Tag: sanctioned encampments

Council Member’s Homelessness Plan Could Include 10 New Mass Encampments for Up to 600 People

Anti-sweeps signs near a tent encampment in downtown Seattle.
Anti-sweeps signs near a tent encampment in downtown Seattle.

By Erica C. Barnett

As part of an effort to substantially reduce the number of unsheltered people living in downtown Seattle before summer, Seattle City Councilmember Andrew Lewis is working on a plan to relocate as many as 600 people into sanctioned encampments around the city.
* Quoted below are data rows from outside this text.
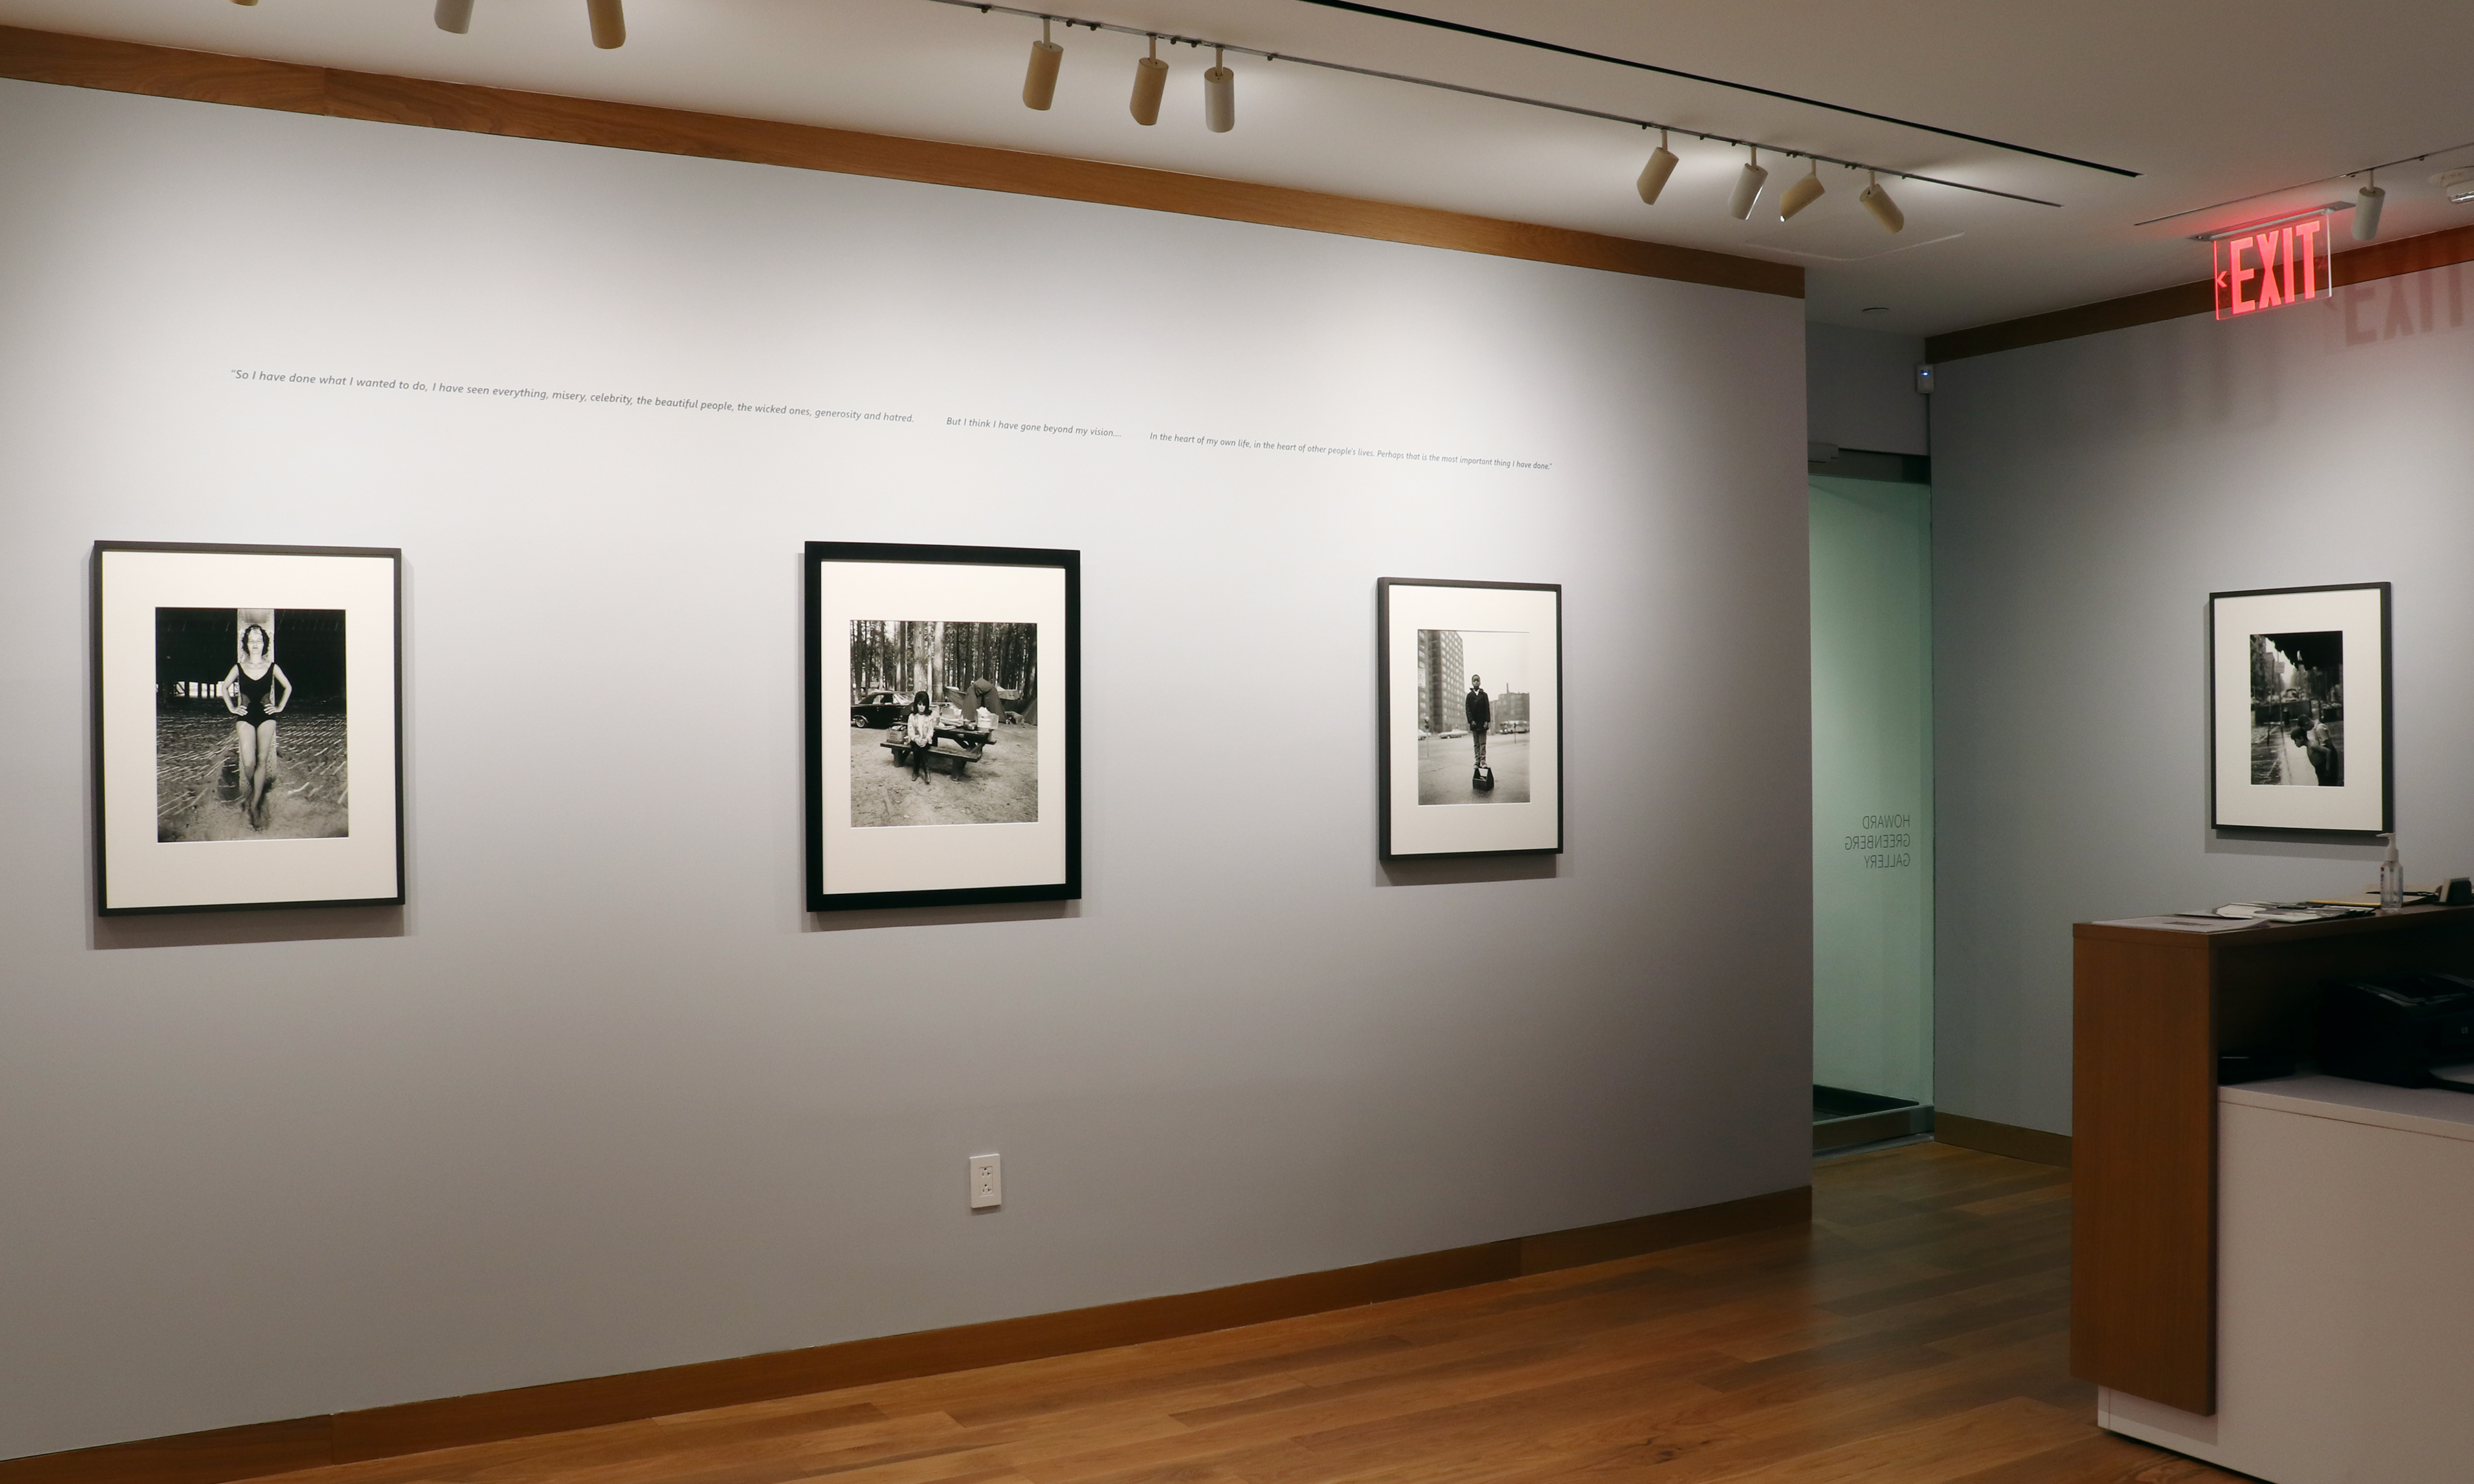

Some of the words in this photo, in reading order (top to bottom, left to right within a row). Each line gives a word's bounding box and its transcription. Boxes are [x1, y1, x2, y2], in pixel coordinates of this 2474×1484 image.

[2229, 220, 2321, 315] EXIT
[252, 370, 256, 380] I
[258, 370, 287, 382] have
[289, 372, 316, 384] done
[319, 374, 347, 385] what
[349, 376, 354, 386] I
[356, 379, 397, 389] wanted
[399, 381, 410, 390] to
[412, 381, 428, 392] do,
[432, 382, 436, 392] I
[438, 382, 465, 394] have
[466, 386, 490, 395] seen
[492, 387, 549, 401] everything,
[552, 390, 588, 403] misery,
[590, 392, 633, 406] celebrity,
[636, 395, 653, 405] the
[654, 396, 699, 409] beautiful
[700, 401, 735, 412] people,
[737, 402, 753, 412] the
[755, 403, 788, 414] wicked
[788, 407, 812, 417] ones,
[814, 409, 862, 421] generosity
[863, 412, 882, 420] and
[883, 412, 914, 423] hatred.
[946, 416, 962, 426] But
[963, 418, 967, 426] I
[968, 418, 992, 428] think
[992, 420, 996, 428] I
[998, 420, 1019, 430] have
[1020, 424, 1042, 433] gone
[1043, 423, 1074, 435] beyond
[1075, 427, 1089, 437] my
[1149, 431, 1158, 440] In
[1159, 432, 1172, 442] the
[1174, 434, 1196, 444] heart
[1196, 436, 1206, 446] of
[1205, 438, 1219, 447] my
[1238, 438, 1251, 449] life,
[1253, 440, 1261, 449] in
[1262, 440, 1275, 450] the
[1276, 442, 1297, 451] heart
[1297, 443, 1306, 453] of
[1306, 445, 1327, 453] other
[1357, 447, 1375, 457] lives.
[1377, 449, 1405, 461] Perhaps
[1405, 451, 1420, 460] that
[1421, 453, 1427, 461] is
[1429, 453, 1440, 462] the
[1459, 456, 1493, 466] important
[1493, 458, 1511, 469] thing
[1515, 460, 1532, 469] have
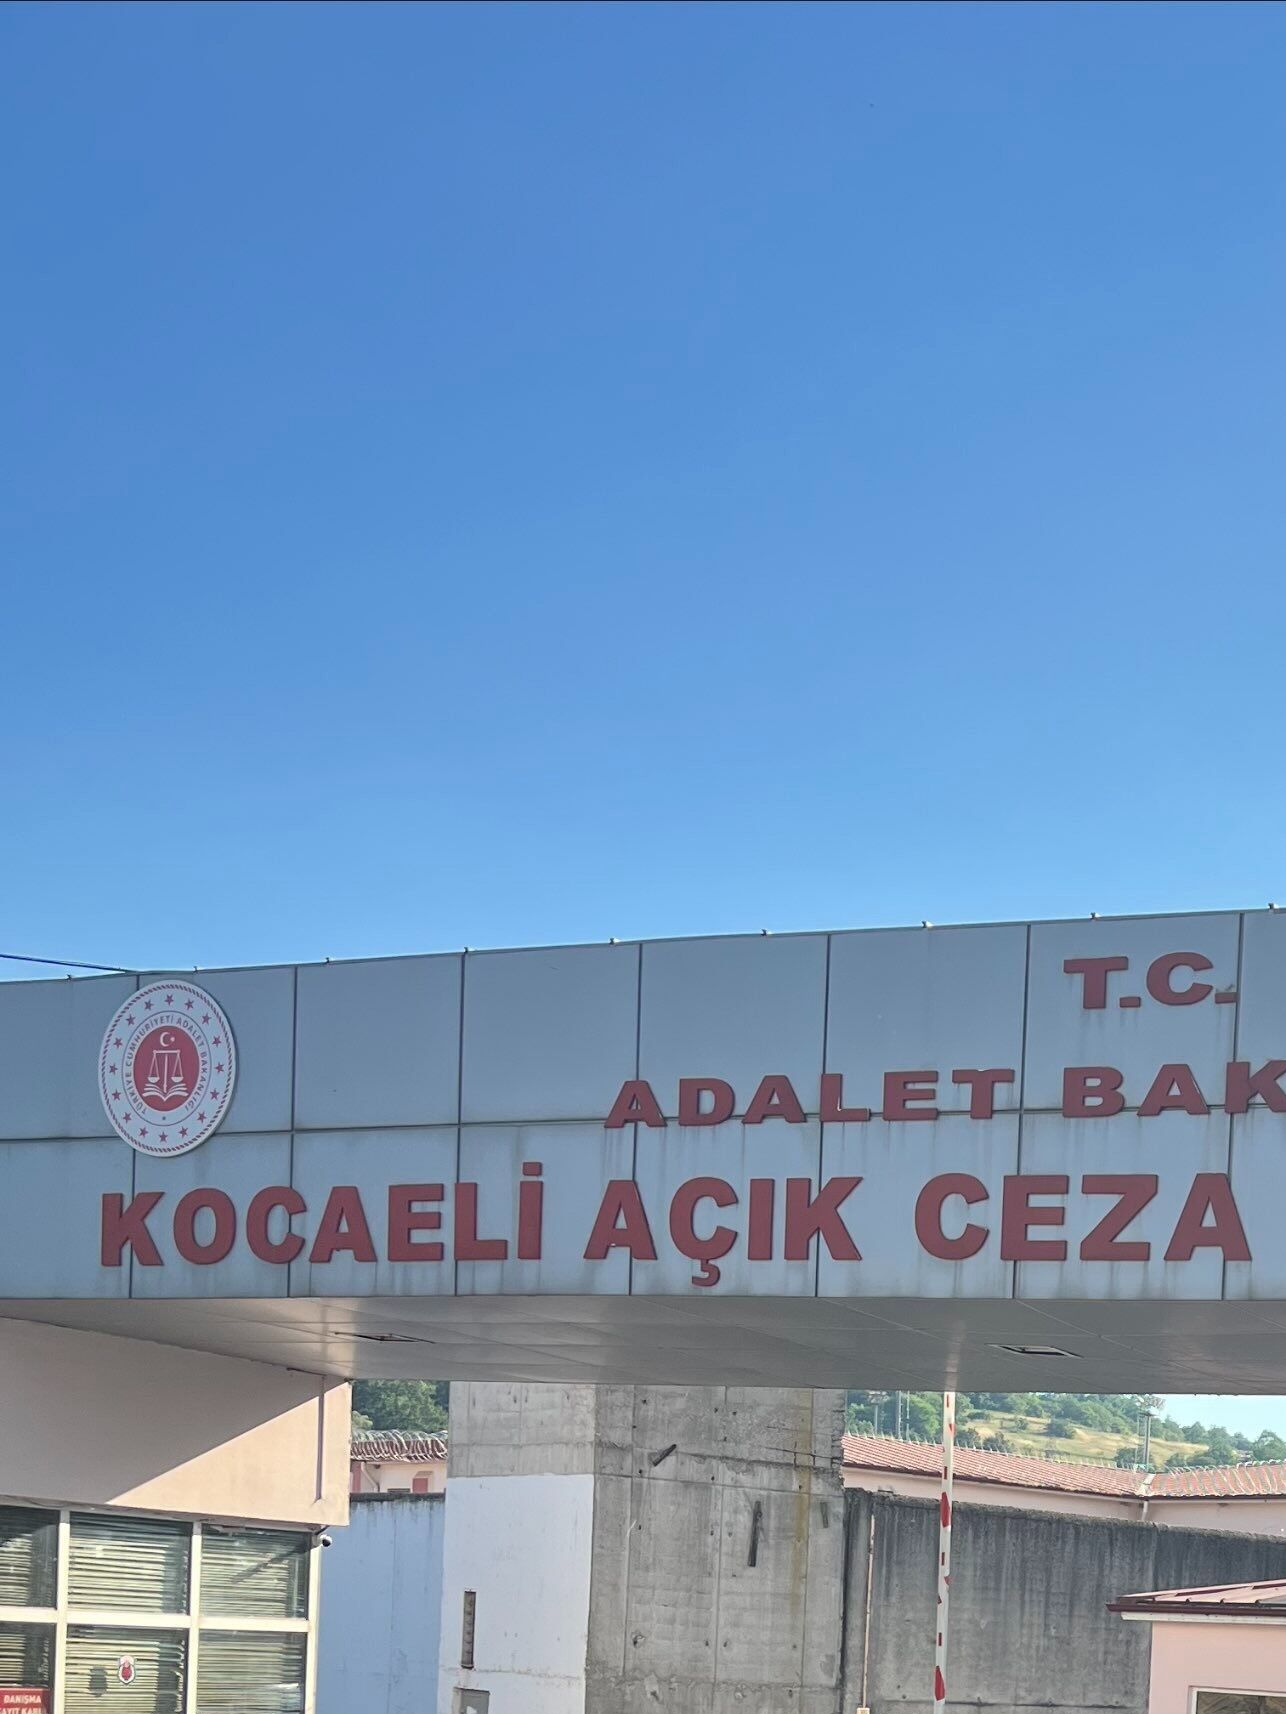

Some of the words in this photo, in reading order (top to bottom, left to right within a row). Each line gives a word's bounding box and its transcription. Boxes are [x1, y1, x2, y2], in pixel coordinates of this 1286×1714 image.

[1064, 952, 1238, 1010] T.C.
[126, 1015, 175, 1067] CUMHURİYETİ
[176, 1017, 205, 1046] ADALET
[125, 1071, 148, 1115] TÜRKİYE
[604, 1068, 1015, 1128] ADALET
[101, 1162, 544, 1267] KOCAELİ
[583, 1177, 863, 1286] AÇIK
[914, 1172, 1252, 1262] CEZA
In an email sent last week to Mayor Bruce Harrell’s director of strategic initiatives Tim Burgess, deputy mayor Tiffany Washington, lobbyist Ryan Bayne, and former city council member Sally Bagshaw, plus aides for Lewis and Harrell, Lewis laid out “a short-term displacement plan for visible pre-Memorial Day progress” that would involve removing and relocating unsheltered people from downtown Seattle into as many as 10 fenced-off encampments elsewhere in the city.

These encampments, which might be located on property owned by the city, Sound Transit, local churches, and the Port, would include case management (along with toilets, food, and showers), and could be up and running in as little as four weeks, Lewis said in his email. After people are relocated, Lewis continued, the tents could gradually be replaced by pallet shelters or tiny houses, with the goal of moving everyone rapidly from encampments to housing, such as the Health Through Housing hotels King County is working to open, within a year to 18 months.

“The strategy I am proposing here is to make a practical acceptance that more permanent housing and sheltering options likely won’t be available until the fall,” Lewis wrote. (Emphasis in original.) “THE WAITING ROOM WILL EITHER BE UNSANCTIONED ENCAMPMENTS OR SOME INTERIM STRATEGY LIKE THIS. That is the choice we face.”

Why Memorial Day? According to Lewis’ email, visible homelessness always spikes during the summer; “If we still don’t have a policy to prevent unsanctioned encampments from putting down roots before Memorial Day, they will grow and make the problem even more difficult to mitigate.”

“The summer has to encourage more firms to not only return to work but new ones to come in and set up shop. It has to demonstrate that we are the one West Coast major city capable of figuring out how to make visible progress on homelessness.”—Seattle City Councilmember Andrew Lewis

The proposal to move most of the homeless people downtown into sanctioned encampments in the span of a little more than three months comes in the context of an announcement last week that a group of private foundations and local corporations will donate $10 million to help kickstart a plan to move about 1,000 people living unsheltered downtown into shelter or housing elsewhere. That plan has five phases, culminating in a “hold steady” phase once most encampments are removed from downtown streets. The proposal to relocate unsheltered people from tents on the sidewalk to tents in sanctioned camps suggests one way the city might achieve its goal of an encampment-free downtown.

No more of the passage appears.